There is a popping sound. At first I think it’s a rivet, then maybe the cargo plane’s engine. A second pop is more familiar, and by the third I see the bullet holes in the roof. I’m able to see an enemy: a bright-faced, scared-looking man with a pistol, shouting frantically toward the cockpit. I reach through the hole and snag him through the wrist with a single claw, jerking upwards to slam him against the roof of the plane, and then dropping his body. My claws come back slick with blood. I finish carving an opening and drop down inside.
The plane is loaded to the ceiling with supplies. I take a moment to wonder at all the medicine and petrol and rations, my stomach letting out a gurgle despite the adrenaline rushing through my veins.
There are five men inside. One is already dead, his neck bent at an unnatural angle, his arm bleeding all over a tin labeled “desert rations.” A second draws his pistol and fires at me. My ears ring from the sound of the shots. Bullets slam into my chest, driving me back a half step but having no more lasting effect to my sorcerous skin than a toy pellet gun.

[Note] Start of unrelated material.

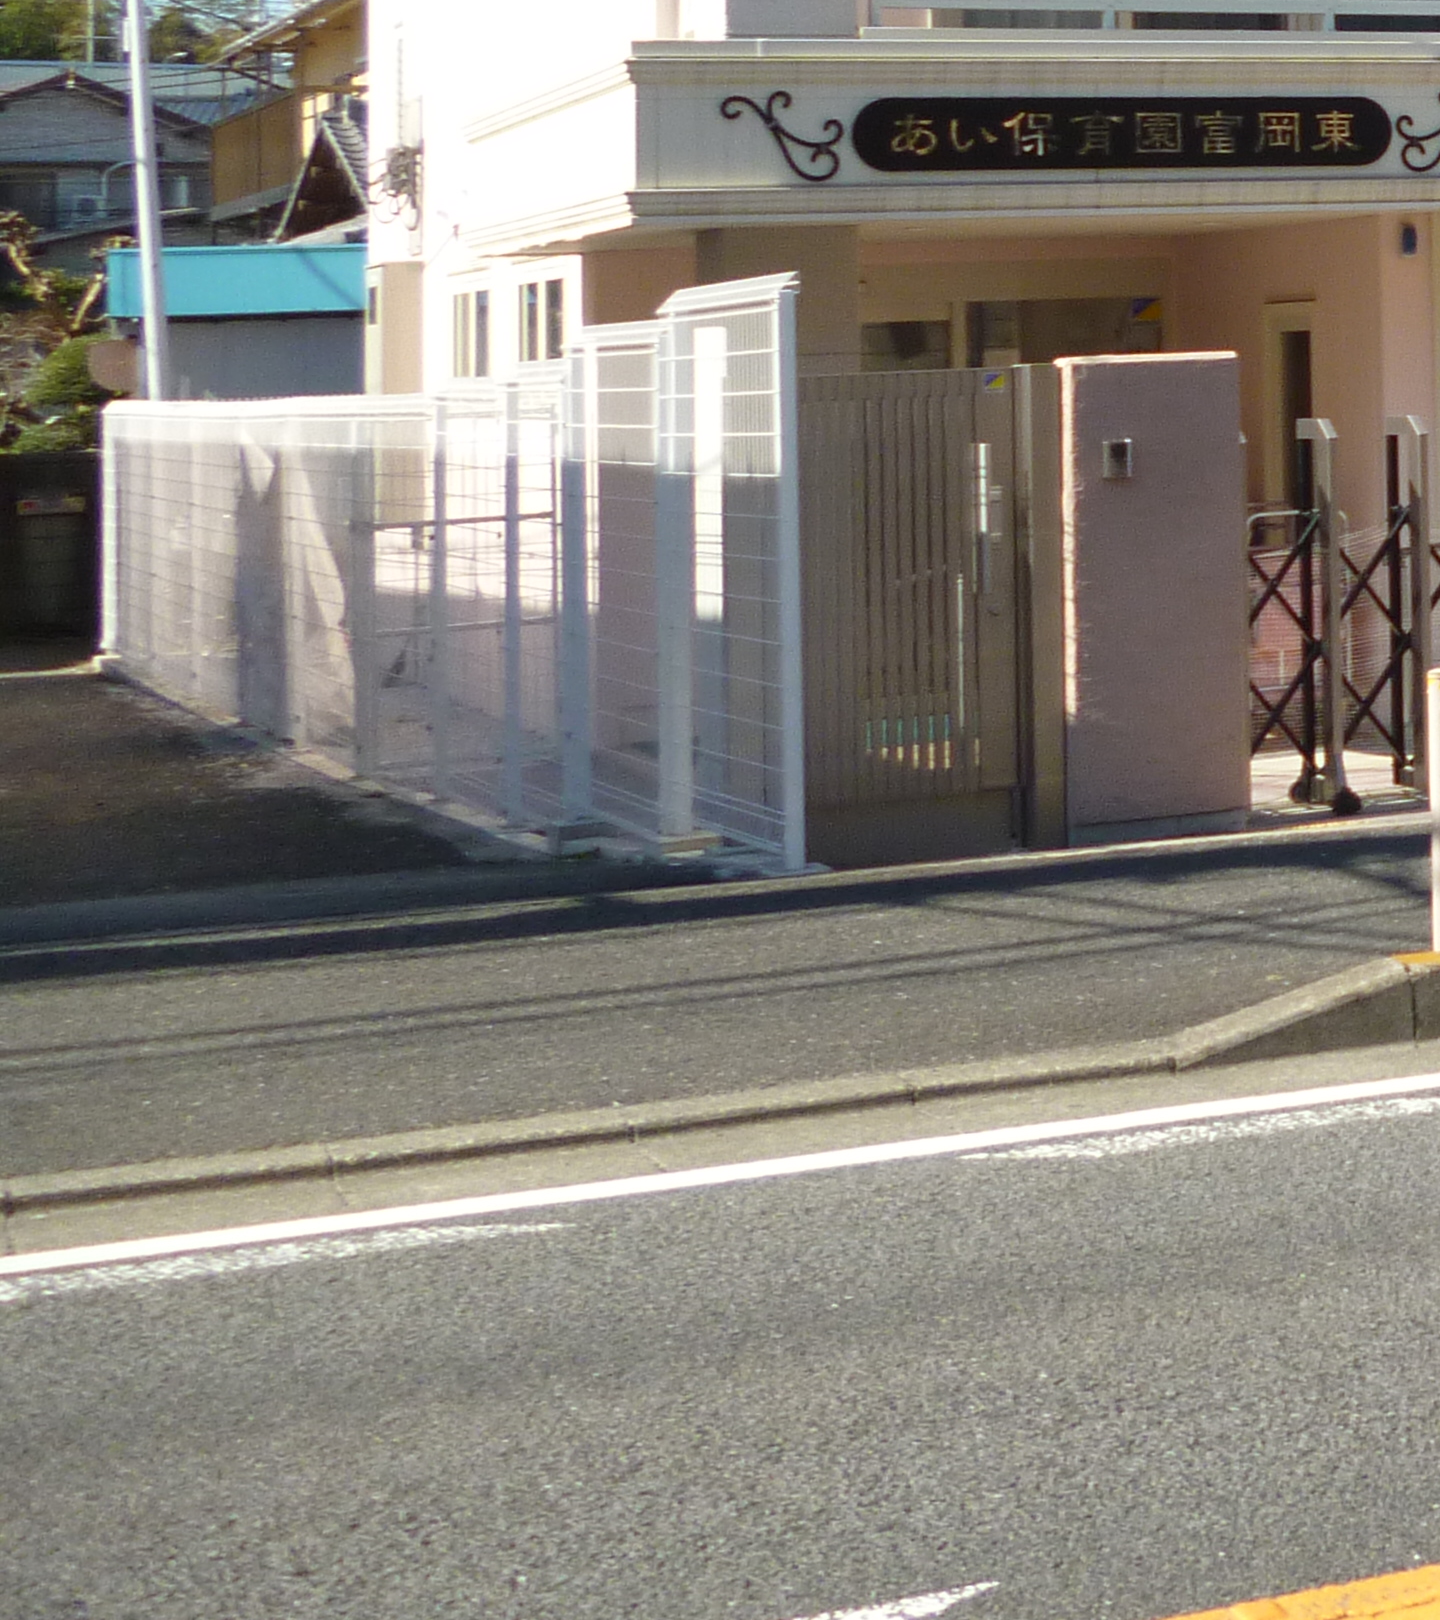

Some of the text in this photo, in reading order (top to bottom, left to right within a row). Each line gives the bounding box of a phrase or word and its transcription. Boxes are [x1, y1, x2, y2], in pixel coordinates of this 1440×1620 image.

[889, 109, 1362, 157] あい保育園富岡東

I cut off his gun-hand at the wrist with my claws while the co-pilot unbuckles. Through the ringing in my ears I can hear the pilot screaming into the radio. There’s a sudden gust, nearly knocking me off my feet as the third guard opens the side-loading cargo door. I spin to him, only to receive the heavy end of a fire extinguisher to the bridge of my nose. Dazed by the sound of the gunshots I clutch for some kind of purchase as the co-pilot kicks at my legs, trying to get me to fall back through the cargo door.

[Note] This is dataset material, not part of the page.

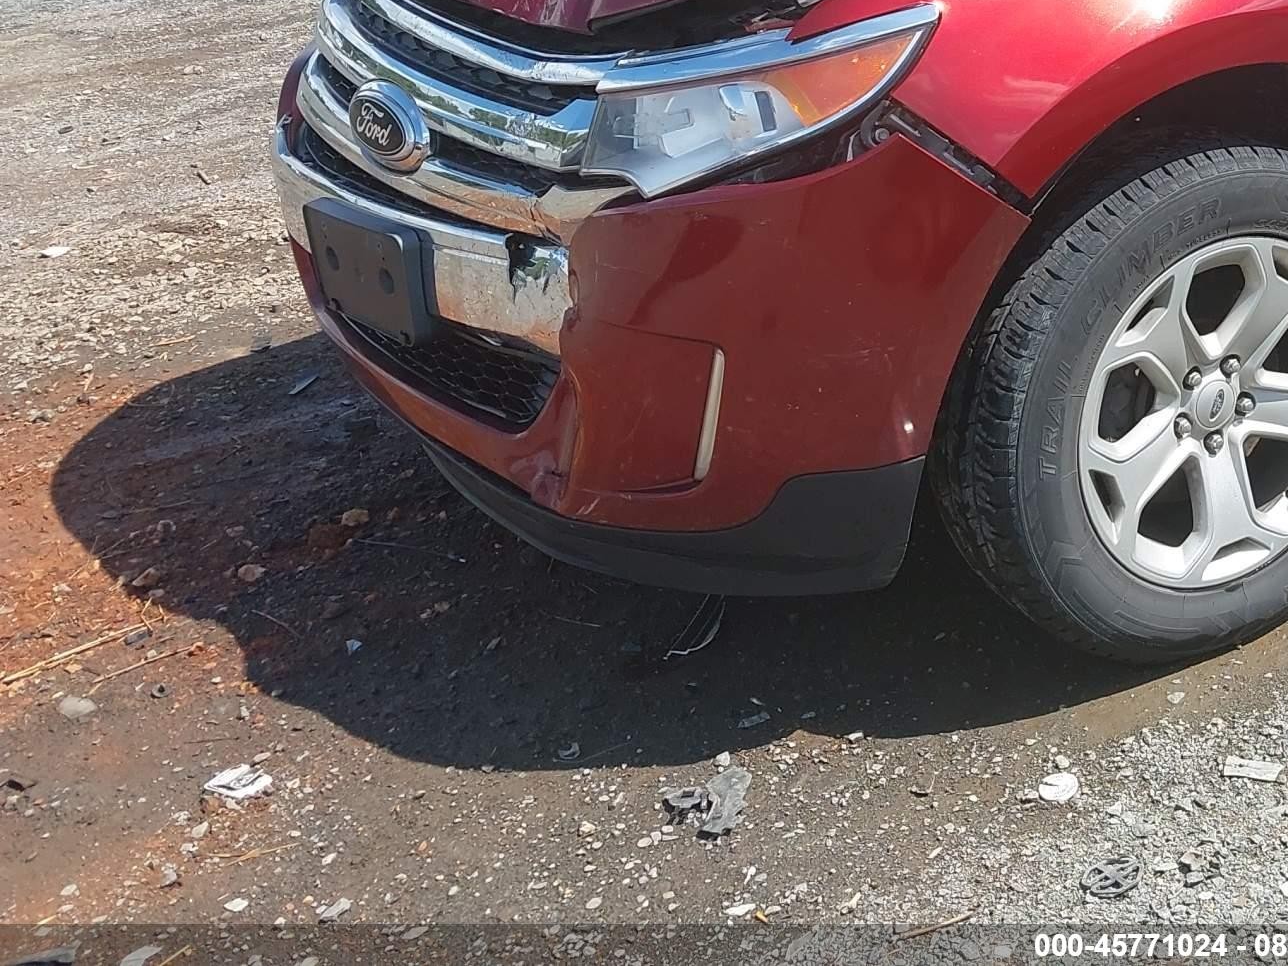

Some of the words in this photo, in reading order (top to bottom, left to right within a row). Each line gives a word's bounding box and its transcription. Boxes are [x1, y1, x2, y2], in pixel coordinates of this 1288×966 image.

[356, 102, 393, 146] Ford
[1038, 360, 1073, 481] TRAIL
[1081, 196, 1222, 336] CLIMBER

I rise to my full height, bracing myself against the roof, and snatch the co-pilot by the head, his face fitting neatly in the palm of my hand, and fling him out the cargo door behind me. The third guard struggles to load a submachine gun, and I take it from him and grapple him toward the door. We both slip and slide on the blood, but I dig into the metal with my talons and throw him after the co-pilot.

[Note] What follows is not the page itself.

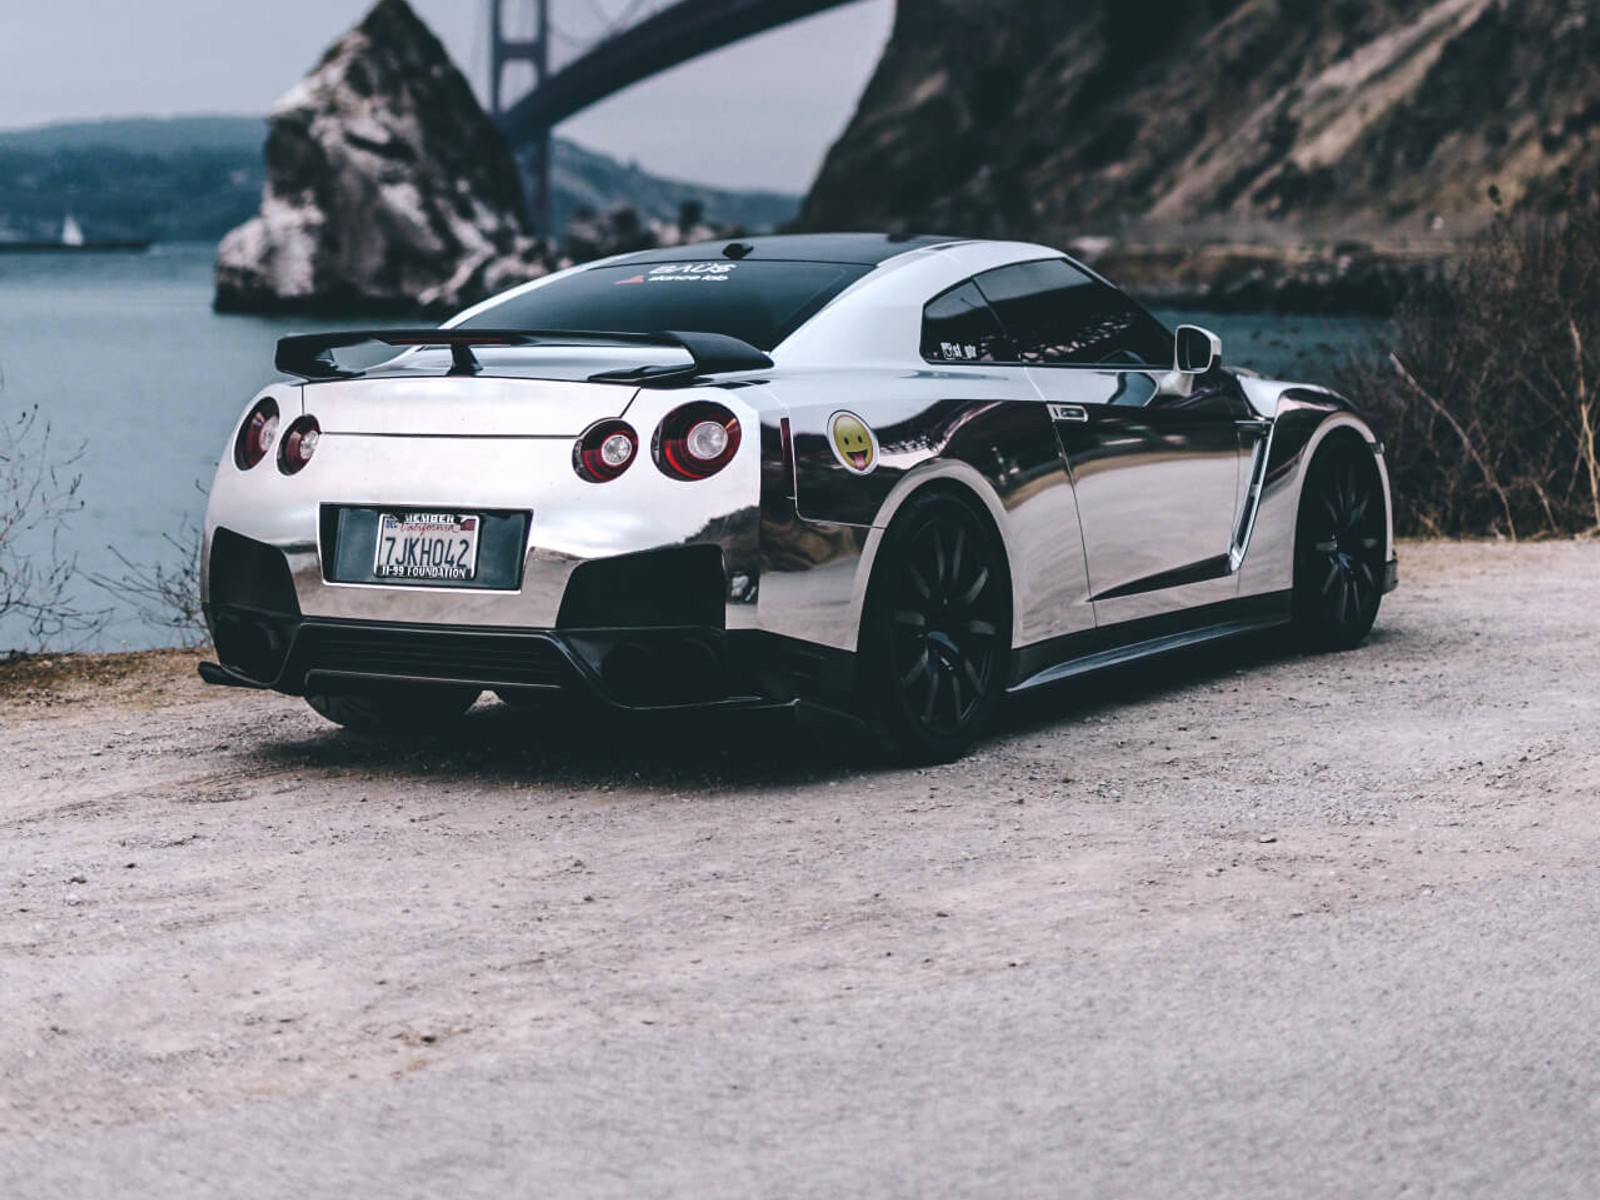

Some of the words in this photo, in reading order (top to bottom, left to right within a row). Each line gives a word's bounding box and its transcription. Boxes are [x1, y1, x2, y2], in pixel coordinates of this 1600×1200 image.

[404, 513, 455, 523] MEMBER
[400, 523, 460, 536] California
[385, 537, 469, 568] 7JKH042
[407, 567, 466, 578] FOUNDATION

I catch sight of something outside the cargo door and see that Rodrigo has brought Benny up beside me. I realize the change of plans as Selvie unbuckles and shakily gets to her feet. I move quickly to the cargo door, setting my talons and clawed hand, and reach out with the other. In a burst of courage I know I would lack, Selvie lets go of the securing straps and sprints down the wing, leaping toward me. I snag her one-handed from the air, careful not to dig in with my claws, and bring her safely inside.
She pats my chest, her face flushed, as I set her down. Outside the cargo door I can see Rodrigo cackling like a fool, and Bellara peeking up from the cockpit beside him. Benny pulls away and blinks out of existence as Bellara’s sorcery conceals her.
“There’s still the pilot!” I shout into Selvie’s ear, pointing toward the cockpit. She reaches for her pistol, but I see a sudden panic in her eyes. I toss her deeper into the cargo plane, turning to face whatever gunfire the pilot is about to unleash on me, but am suddenly slammed into from the side.
The pilot is a big man, muscled and fat, and clearly used to a brawl. His punches do less to me than the bullets from his comrades, but he leans his weight into me, bullheaded. I stumble back, my talons no longer catching purchase on the floor, and reach for something to steady myself.
There is nothing there.
I windmill once, managing to snag the pilot by the front of his shirt as we both tumble out the cargo door. My confidence is suddenly undone. There is nothing solid beneath me, beside me, or above me. I am falling, trembling, with only an enemy to hold on to.
The last thing I see before I hit the ground is Selvie’s stricken face poking out of the cargo door.”